Fahhem's Blog – Running Too Much Kubernetes

Running Too Much Kubernetes

In my previous post, I mentioned running vouch-proxy to protect internal apps. In it, I didn't mention that I over-complicated it by running it under Kubernetes using nginx as an Ingress instance rather than just running nginx itself.

Turns out, I've been on a kubernetes kick for a bit. As of this week, I'm officially running 3 k3s "clusters" made up of one node each. This means the clusters aren't highly-available, but also neither is my home internet connection so :man_shrugging: it doesn't really matter.

Three clusters? What do they do?

Yep, two of them run in my apartment.

"Cluster" one: a NUC

This one is an old NUC (circa 2013) I recently swapped in for an old Acer AspireRevo (a 2009 box) who's fan had kicked the bucket. This is intended to run 24/7, so I put a few "essential" services on it:

k3os: The whole OS is just for k3s, installed via a takeover since I couldn't get the ISO to install normally.
certmanager: a letsencrypt service to let me automatically create SSL certs for my domains
dyndns: a CronJob that updates my domain's DNS entries daily
ingress: an nginx Ingress for hosting my websites
nginx: more nginx containers to host my websites (basically to serve up static files)
"faas" functions: a few Ingress/Deployment combinations that I use as functions in some workflow automation work I'm doing. I didn't use openfaas since it seemed like overkill since I just wanted basic auth, a URL (ingress), and a single instance. I don't need scale to zero or other fancy features, at least not yet.
And lastly: some ingresses to proxy subdomains to my second cluster

"Cluster" two: my desktop

This is my personal desktop, the one I'm writing this on, and I installed k3s inside of the Ubuntu installation a while ago.
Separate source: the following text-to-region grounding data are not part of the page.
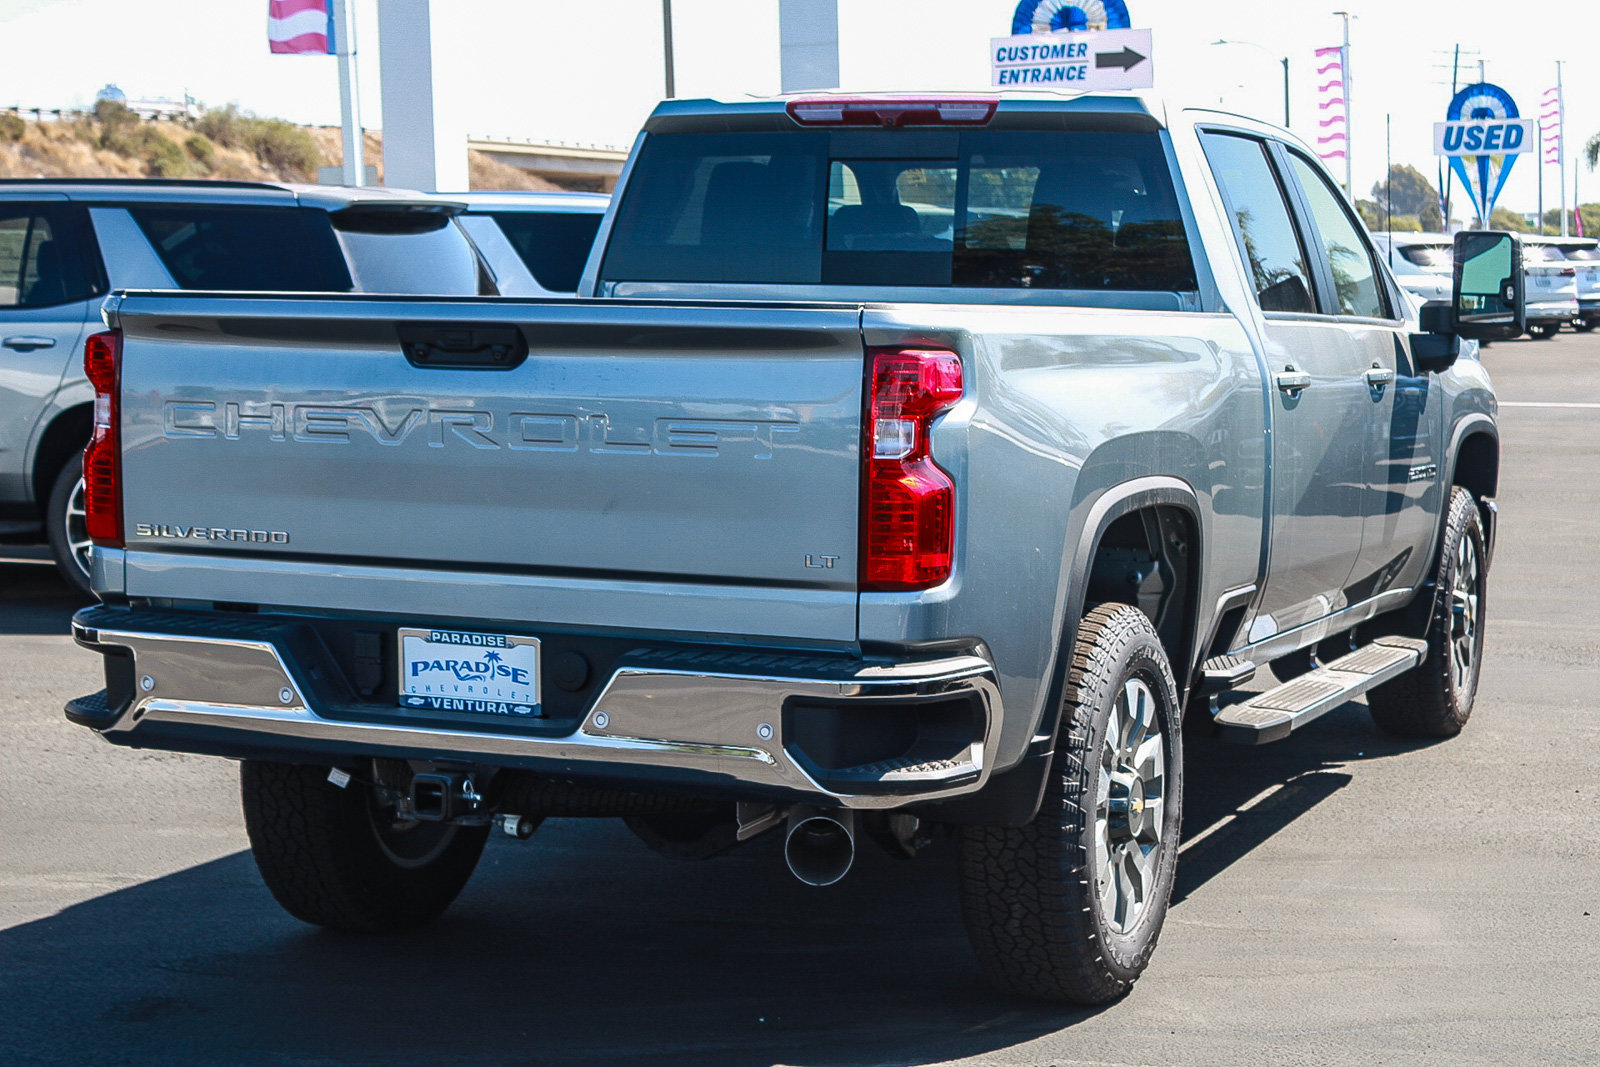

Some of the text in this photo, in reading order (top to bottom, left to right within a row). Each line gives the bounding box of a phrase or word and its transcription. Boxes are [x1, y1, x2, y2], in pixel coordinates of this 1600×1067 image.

[996, 43, 1088, 61] CUSTOMER
[998, 65, 1087, 84] ENTRANCE
[1443, 124, 1524, 151] USED
[163, 400, 800, 459] CHEVROLET
[136, 523, 289, 543] SILVERADO
[805, 554, 840, 568] LT
[432, 632, 505, 647] PARADISE
[411, 651, 530, 686] PARADISE
[411, 685, 529, 702] CHEVROLET
[432, 698, 508, 714] VENTURA
I run a few things here where uptime isn't important, and I likely only need them when I'm on the desktop already or are ssh'd in from the road:

container registry: a private Docker registry to host the few custom images I need. Both clusters use this, but it's only really needed when deploying a new image. Since I deploy from my desktop, uptime can match my desktop.
ingress: an nginx Ingress (I tried traefik, but I'm just too familiar with nginx)
grafana: a Grafana instance for playing around. Currently, it just has some CSV files that I generated/update that I wanted to have in a dashboard
nginx: some nginx containers to proxy to NUT / upsd or server static files for things like the staging version of websites. This is basically the same as the production setup but with different hostnames.
vouch: some vouch instances to protect the subset of my websites that are internal apps. There's multiple since I have two protection "regimes", a personal one that allows certain Google email addresses, and a work one that allows a GitHub team.

"Cluster" three: my self-owned website

This is a Linode instance I run that was pretty consistently going down or using 100% CPU due to some Docker Engine bug that I could never figure out. So after a couple years of neglect, I put a k3os installation on it so I can deploy/track it via my at-home clusters.
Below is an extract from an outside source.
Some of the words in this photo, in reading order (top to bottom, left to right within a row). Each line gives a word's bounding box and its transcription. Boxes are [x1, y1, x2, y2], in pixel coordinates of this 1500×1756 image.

I haven't finished setting this up, but here's what I plan on putting on it:

ingress: an nginx Ingress
nginx/python/php: some containers to serve mostly-static files (and a woocommerce installation) for these websites

"Cluster" four: Reviewable-owned node

This doesn't exist, and will probably instead run on one of the above "clusters" for a while, since I don't need a dedicated machine for this. So far, I've mentioned clusters with different uptime expectations, and different uptime costs/difficulties and different levels of interest from me in keeping them up. This cluster, at the moment, can likely run on any of the above clusters, but once any tool here gets internal usage I'll likely setup a separate "cluster", though not likely a proper multi-node, high-availability cluster unless things drastically change.
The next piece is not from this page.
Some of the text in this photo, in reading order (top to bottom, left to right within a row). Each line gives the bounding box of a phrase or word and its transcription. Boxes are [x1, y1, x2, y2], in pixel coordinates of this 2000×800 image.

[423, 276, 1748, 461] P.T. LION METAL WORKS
Anyway, here's what I would want to run on this cluster/namespace:

retool or other internal tooling product: At the moment, mainly for helping me with customer support operations. Every time I interact with Stripe I wish I could automatically redo the last interaction but with a new customer.
grafana: we're looking to replace our current user analytics tool, and all current analytics tools are these walled gardens that don't let me do what I want with my data and don't let me tweak the dashboards/queries/etc. I would also throw some other internal data into here.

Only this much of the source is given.